Hilali was accused of shooting and killing his brother Huzan in the Corniche neighbourhood of Qamishli on 11 June 2012. After the murder, he fled and reportedly went into hiding in the house of Abdul Aziz Tammo, brother of Kurdish Future Movement founder and leader Mashaal Tammo, who was assassinated in Qamishli on 7 October 2011, in Darbasiya. By August, Hilali had ended his practice of water sprays and moved on to create banners and participate in local council trainings in both the Hasaka and Deir ez-Zor governorates. During the same month he stepped on a land mine on the Syria–Turkey border during a trip with another Kurdish Future Movement member to Turkey, and was hospitalized for the next two months.

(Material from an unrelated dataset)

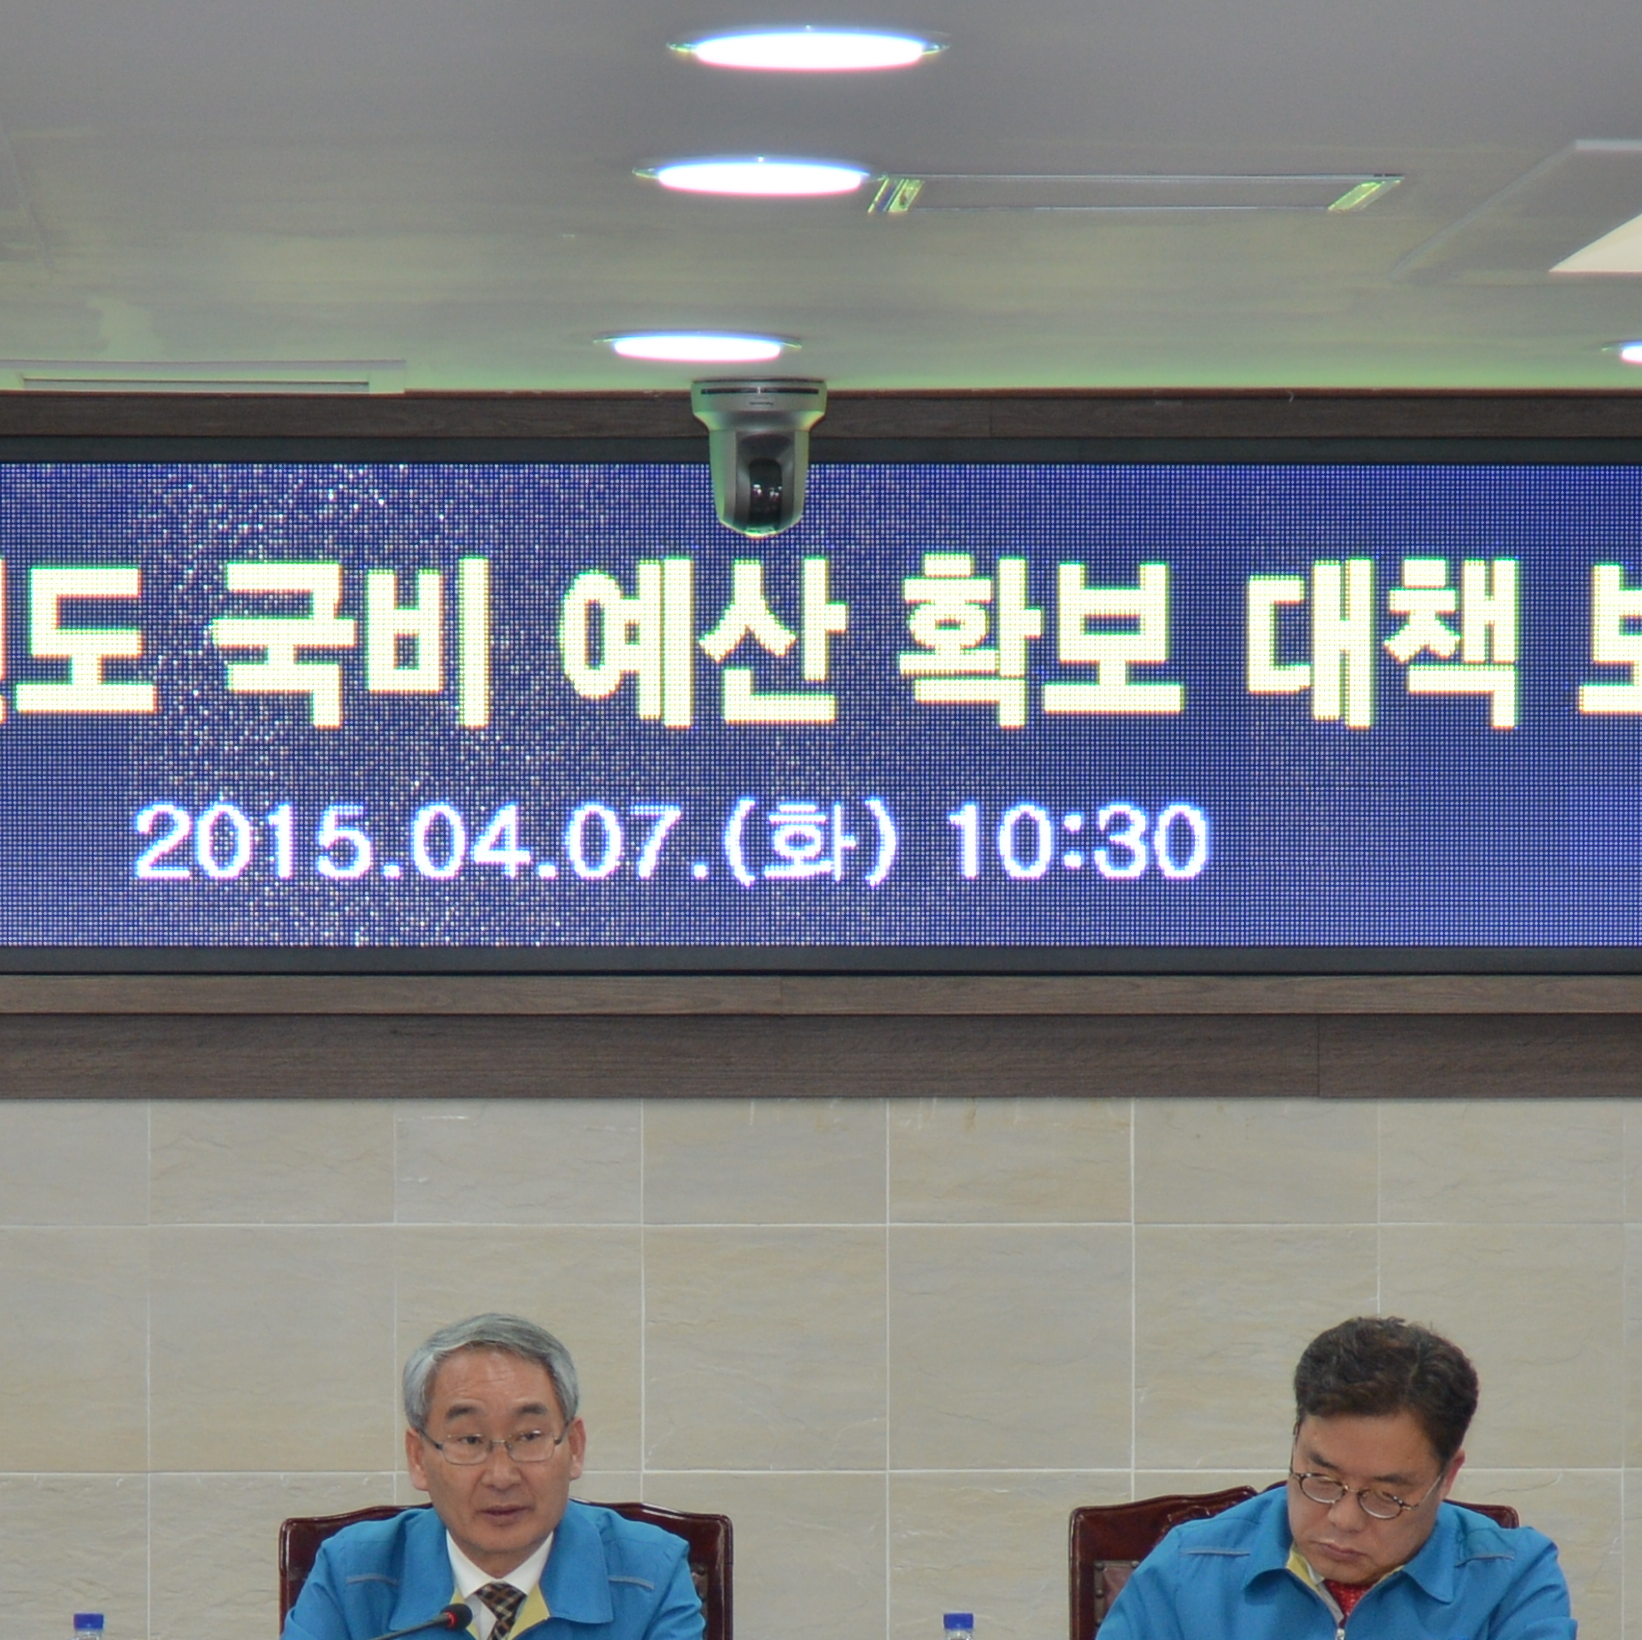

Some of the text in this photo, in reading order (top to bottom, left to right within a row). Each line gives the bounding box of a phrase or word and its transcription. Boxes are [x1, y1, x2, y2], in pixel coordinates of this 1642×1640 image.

===Turn to militant activities===
After his release from hospitalization, Hilali left his wife and two daughters in Qamishli to join the armed rebellion. He first joined a Free Syrian Army group in the Hama, Idlib, and Aleppo governorates, and was wounded during fighting in Idlib. Other fighters in the group reportedly made a Kurdish flag for him. After the rebel capture of Tell Abyad in September 2012, Hilali moved there and established the Mashaal Brigade, named after Mashaal Tammo. Hilali contacted other fighters in Aleppo and Idlib to join his group, and made Ras al-Ayn its base after other rebel groups captured it from government forces in November.

On 19 November 2012, clashes erupted between the YPG and other rebels in Ras al-Ayn, with Hilali's group joining the fight against the YPG, resulting in 4 of his fighters being killed on the first day. By March 2013, the Mashaal Brigade numbered around 50 fighters, including between 10 and 36 in Ras al-Ayn, 25 in Tell Abyad, and 10 in Tell Hamis. The fighters included an Iraqi who fought against the United States Armed Forces in Fallujah as part of Jeish Muhammad. The Firat News Agency (ANF), affiliated with the Democratic Union Party (PYD), which oversaw the YPG, called Hilali and members of his group terrorists and mercenaries, and accused him of allying with Islamist extremist groups and facilitating their entry into Kurdish areas. The ANF also claimed that many Kurdish youth defected from the Mashaal Brigade and joined the YPG. Hilali denied cooperation with al-Qaeda's al-Nusra Front, whose headquarters was a street away from his, and claimed that his group only worked with the FSA's Hasaka Revolutionary Military Council. The HRMC negotiated a ceasefire with the YPG on 17 February, but tensions between the Mashaal Brigade and the YPG remained high. In July, fighting in Ras al-Ayn renewed, and the YPG expelled al-Nusra and other rebel groups, including the Mashaal Brigade, from the city. Ras al-Ayn then became a flashpoint of the conflict between the Kurdish YPG and its allies on one side and al-Nusra, the Islamic State of Iraq and the Levant (ISIL), and other Salafi jihadist militant groups on the other.

The ANF accused the Mashaal Brigade of meeting with ISIL, al-Nusra, and Ahrar al-Sham in an attempt to capture Rmelan from the YPG on 16 July 2013. After being expelled from Ras al-Ayn, Hilali headed to Raqqa. There, he was captured by ISIL, imprisoned, and tortured for 40 days, reportedly for being too secular. He was released and stayed in the jihadist-controlled town of al-Yaarubiyah, on the northern Iraq–Syria border, for a month. He then returned to Tell Abyad, and was again arrested by ISIL in December 2013. He was once again released and reportedly fled to Graz in Austria.